Inputing word2vec#wordsNearest only positive words in prediction step

Hi there,

I copy my same question from StackOverflow here, hoping for a more sure response:

Kindly, forgive that I am a noob in word embedding in general.

I have not only a word to predict similarity, but a list of words sometimes (sentence). All examples of word2vec in deeplearning4j train with a list of words but predict with a single word.
I know word2vec is capable for doing complex logical inferences, like what’s most similar to a king and a woman that is not a queen. But for my case, I assume it is just additions, like what the most similar to “a big cat”, it would be a tiger.

I tried:

INDArray wordVector1 = wordVectors.getWordVectorMatrix(sentence);
Collection<String> lst_2 = wordVectors.wordsNearest(wordVector1, 10);

Where sentence is a String. I also tried

Collection<String> lst_2 = wordVectors.wordsNearest(sentence, 10);

But it yields in the first nullPointerException and in the second an empty array, where I believe it shouldn’t.

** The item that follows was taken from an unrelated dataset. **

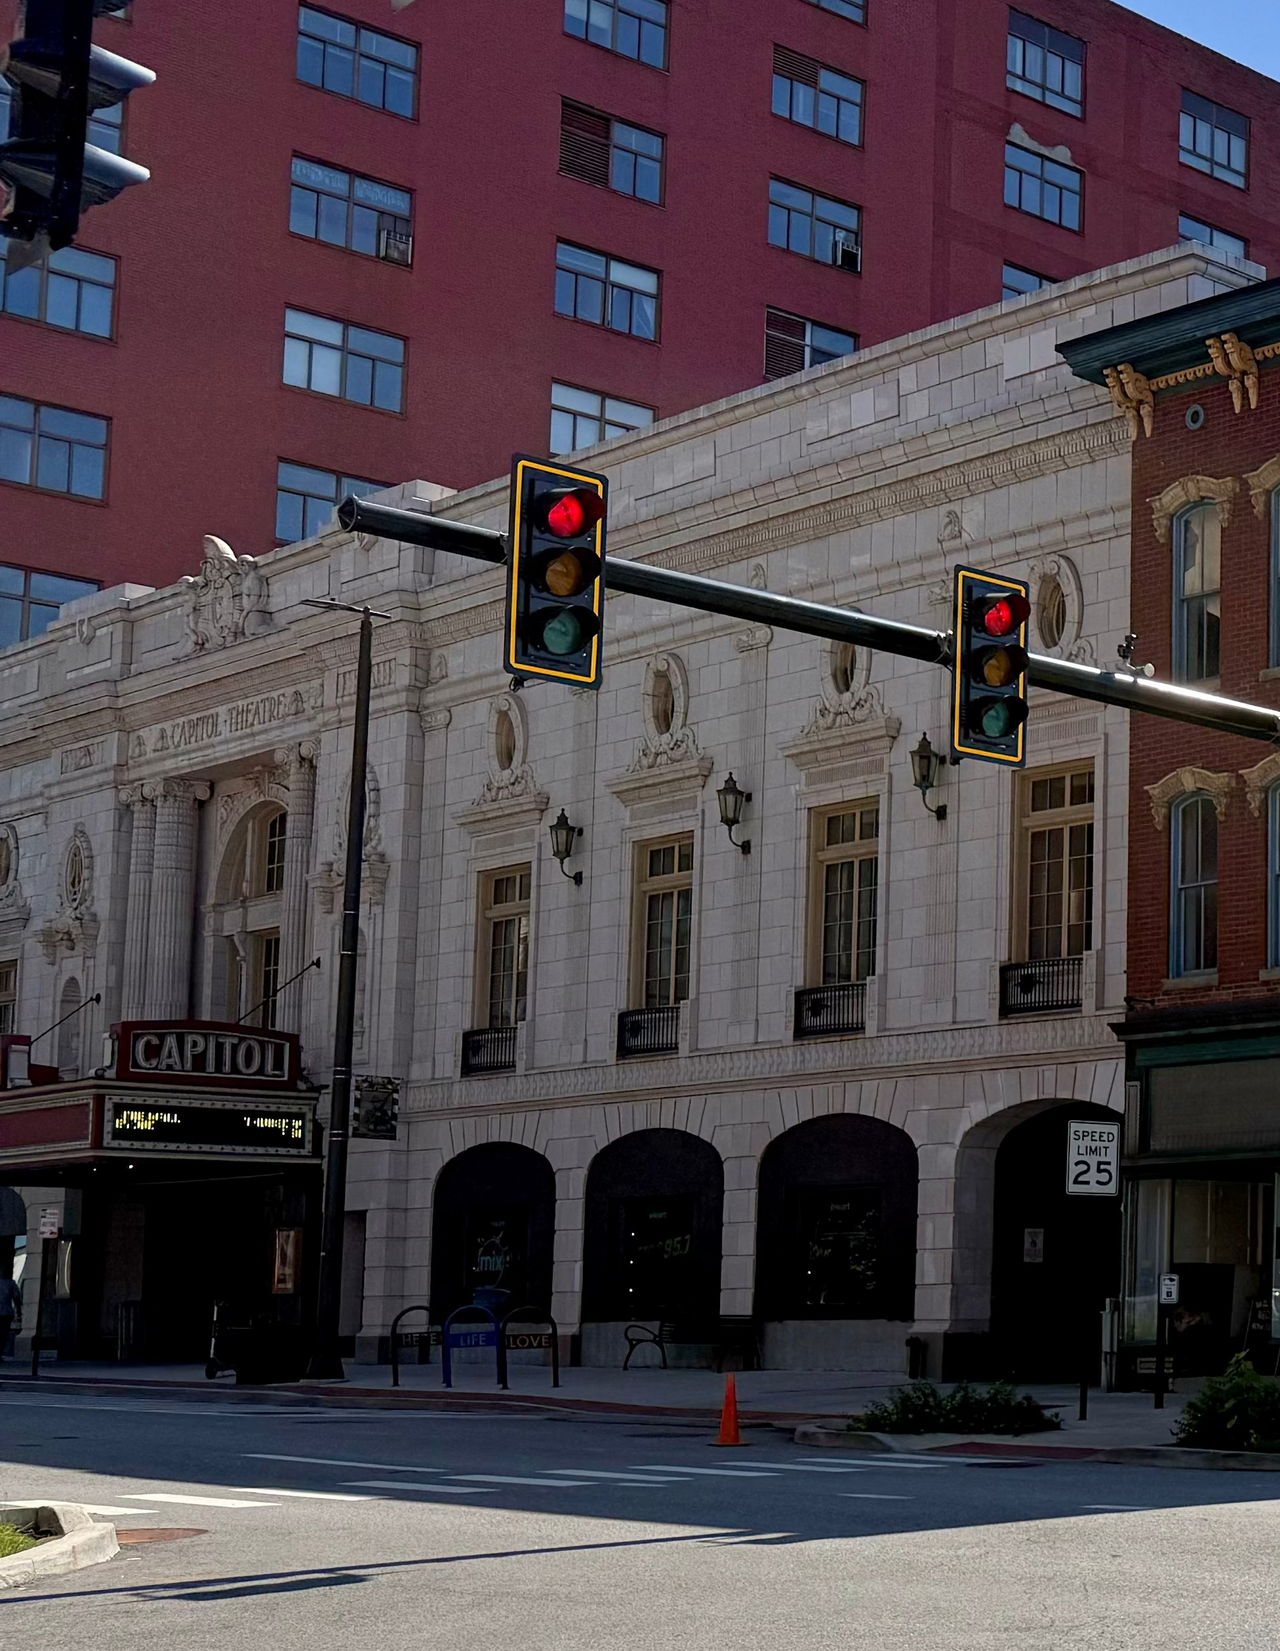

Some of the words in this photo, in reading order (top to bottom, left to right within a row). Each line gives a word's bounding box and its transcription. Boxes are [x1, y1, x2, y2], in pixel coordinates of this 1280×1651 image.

I see another signature of wordVectors#wordsNearest accepting an “INDArray” but I don’t know what that is except that is a high performant data-structure.

Also seeing example here in “Tried using the wordNearest with only positive vectors” snippet, I tried:

Collection<String> lst_2 = wordVectors.wordsNearest(Arrays.asList(sentence.split(" ")), 10);

And org.deeplearning4j version = 0.9.1 is complaining about the type. Like one input is a collection, another collection is needed.

Any hints ?

@bacloud14

“INDArray”

please always make sure to understand the fundamentals. Stepping in to machine learning without knowing the basics of ndarrays is always going to be fraught with rabbit holes.

Dl4j 0.9.x
Dl4j 0.9.x is over 2 years old and shouldn’t be used. Our quickstart covers the main way you should get started:
https://deeplearning4j.konduit.ai/getting-started/quickstart

We have examples that do this out of the box, our quickstart links directly to the latest examples:

Word2vec isn’t as amazing as you think it is. Take a step back and look at NLP basics before just diving in trying to use a model for something it’s not meant for :slight_smile: I would look at even the bare most of NLP basics before you start diving in to these kinds of things.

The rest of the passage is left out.